What you should do:
When writing out the listing below, reproduce every word exactly and skip the pictures.
+++
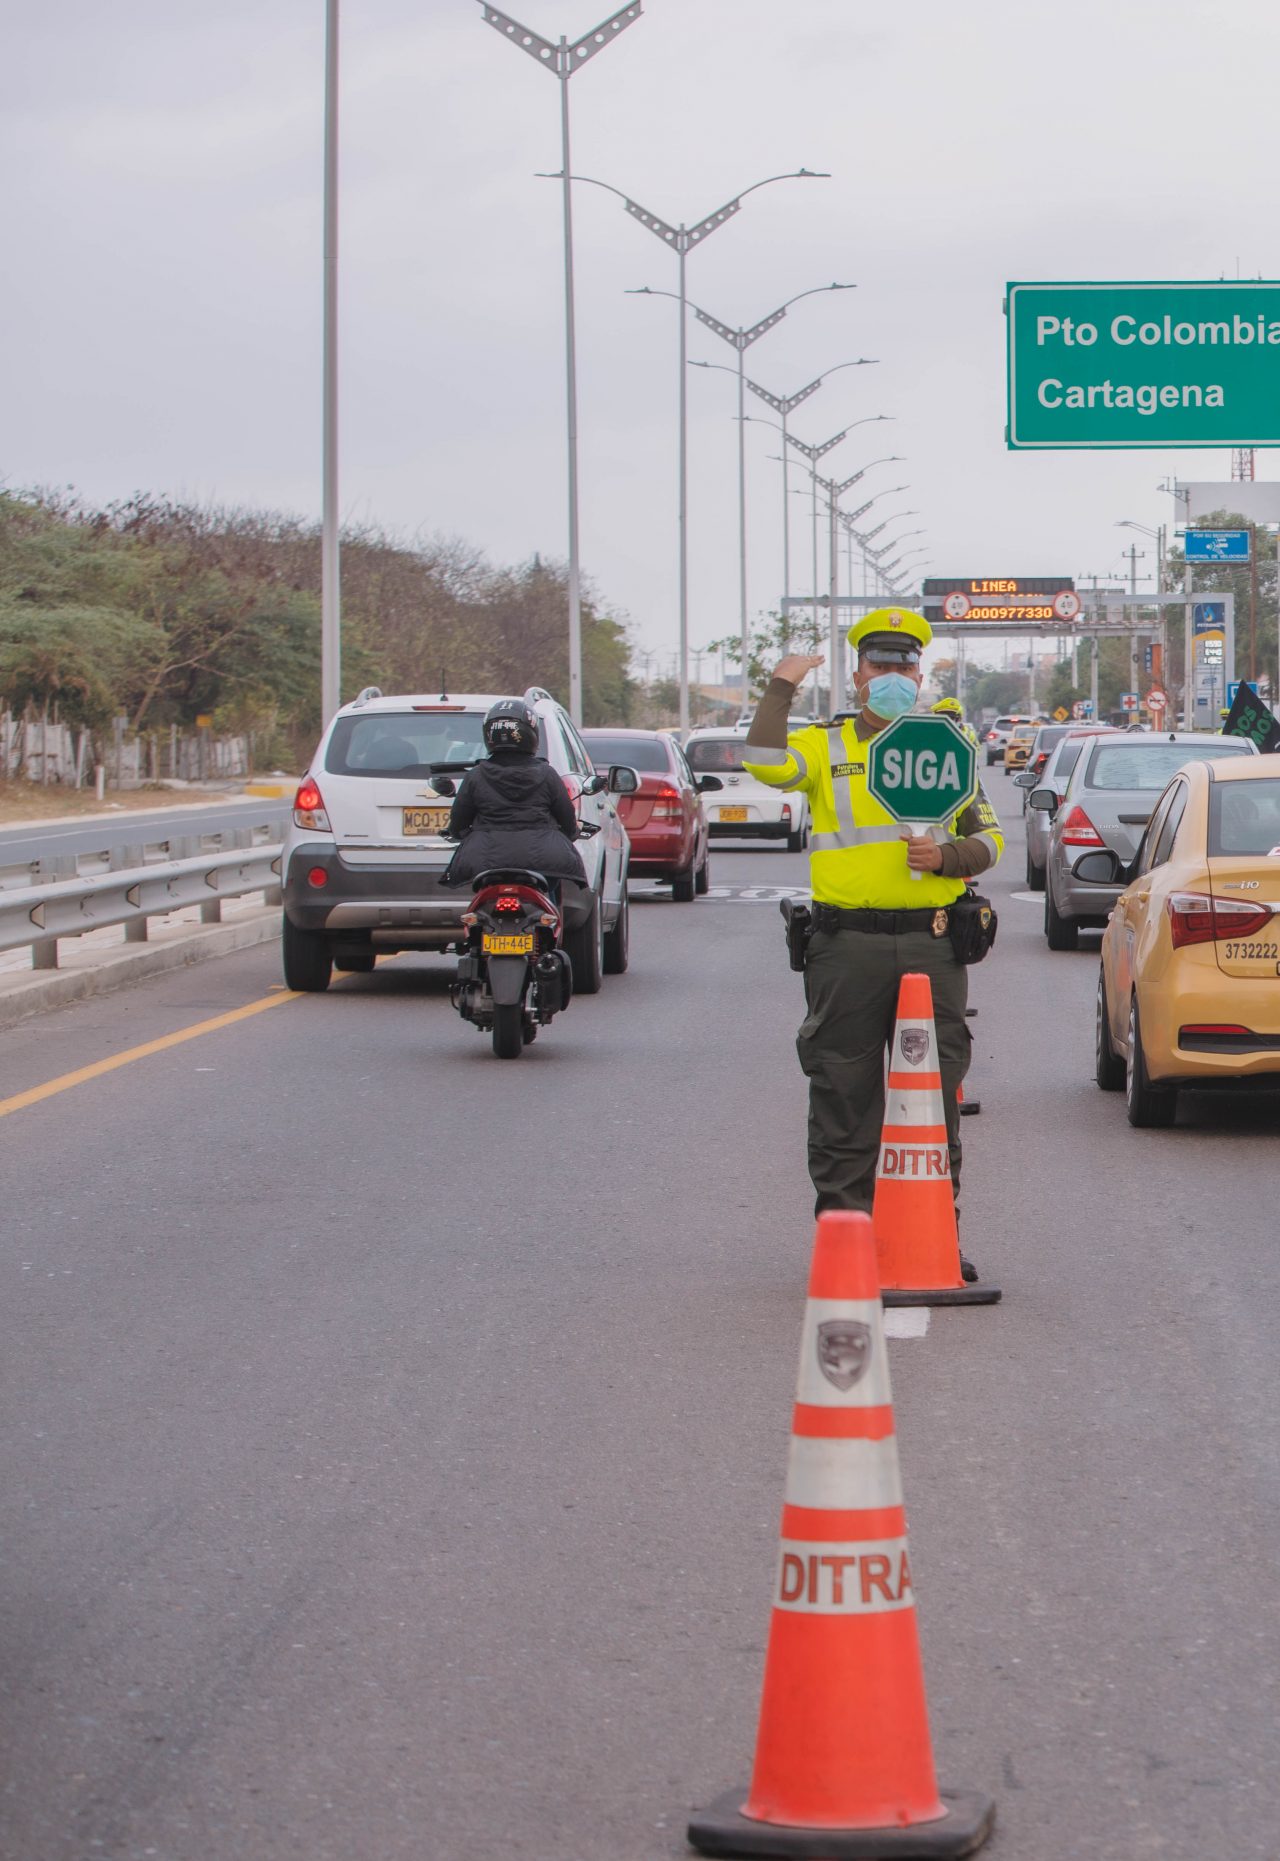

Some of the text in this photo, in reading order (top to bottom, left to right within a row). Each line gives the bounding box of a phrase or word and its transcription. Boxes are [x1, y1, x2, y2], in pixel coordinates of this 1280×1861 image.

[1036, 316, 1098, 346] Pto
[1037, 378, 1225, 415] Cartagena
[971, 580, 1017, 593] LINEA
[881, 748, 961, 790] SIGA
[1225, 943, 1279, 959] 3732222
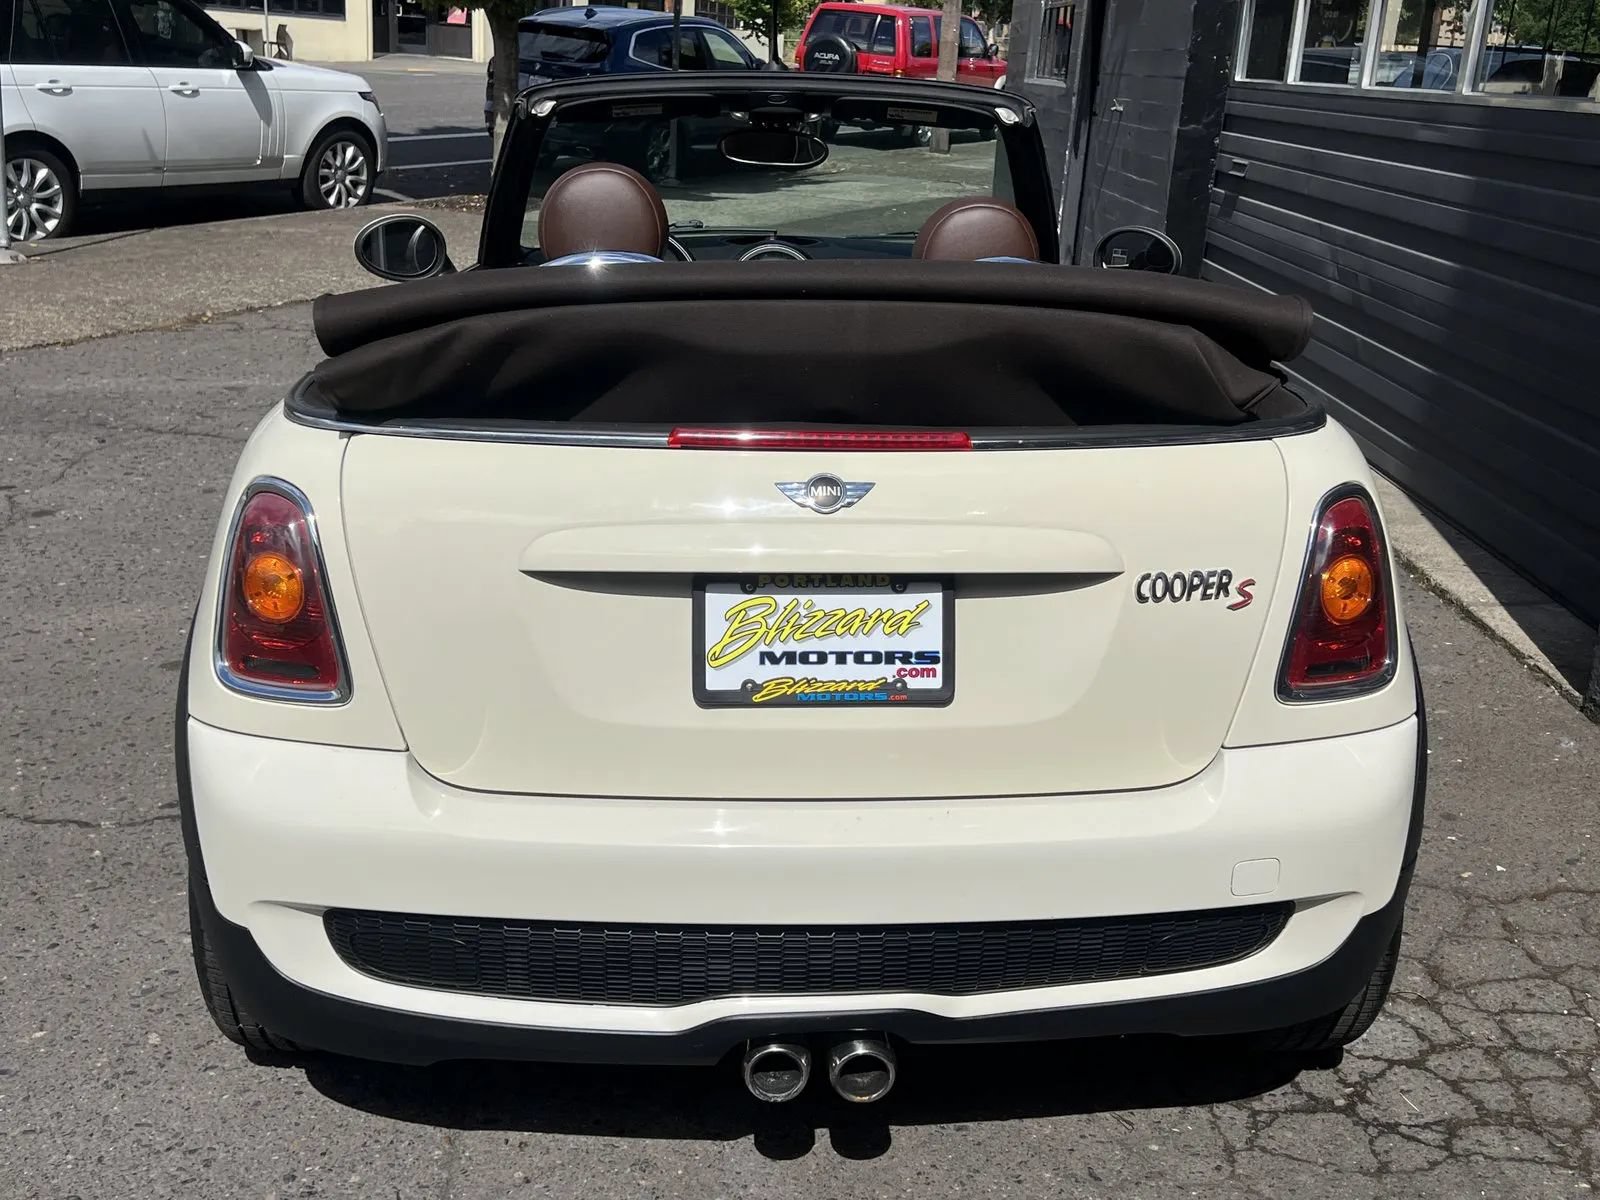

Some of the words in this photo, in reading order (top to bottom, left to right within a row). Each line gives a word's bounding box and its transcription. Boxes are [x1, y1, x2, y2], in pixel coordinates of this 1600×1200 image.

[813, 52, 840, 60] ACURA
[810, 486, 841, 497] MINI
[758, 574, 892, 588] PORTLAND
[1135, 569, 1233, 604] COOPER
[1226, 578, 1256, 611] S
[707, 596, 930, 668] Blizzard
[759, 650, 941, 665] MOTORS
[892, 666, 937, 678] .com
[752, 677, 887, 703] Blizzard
+++
Exercise response:
Some of the text in this photo, in reading order (top to bottom, left to right within a row). Each line gives the bounding box of a phrase or word and its transcription. Boxes are [x1, y1, x2, y2], in pixel coordinates of this 1280×1861 image.

[1036, 316, 1098, 346] Pto
[1037, 378, 1225, 415] Cartagena
[971, 580, 1017, 593] LINEA
[881, 748, 961, 790] SIGA
[1225, 943, 1279, 959] 3732222

Some of the words in this photo, in reading order (top to bottom, left to right within a row). Each line gives a word's bounding box and its transcription. Boxes are [x1, y1, x2, y2], in pixel coordinates of this 1600×1200 image.

[813, 52, 840, 60] ACURA
[810, 486, 841, 497] MINI
[758, 574, 892, 588] PORTLAND
[1135, 569, 1233, 604] COOPER
[1226, 578, 1256, 611] S
[707, 596, 930, 668] Blizzard
[759, 650, 941, 665] MOTORS
[892, 666, 937, 678] .com
[752, 677, 887, 703] Blizzard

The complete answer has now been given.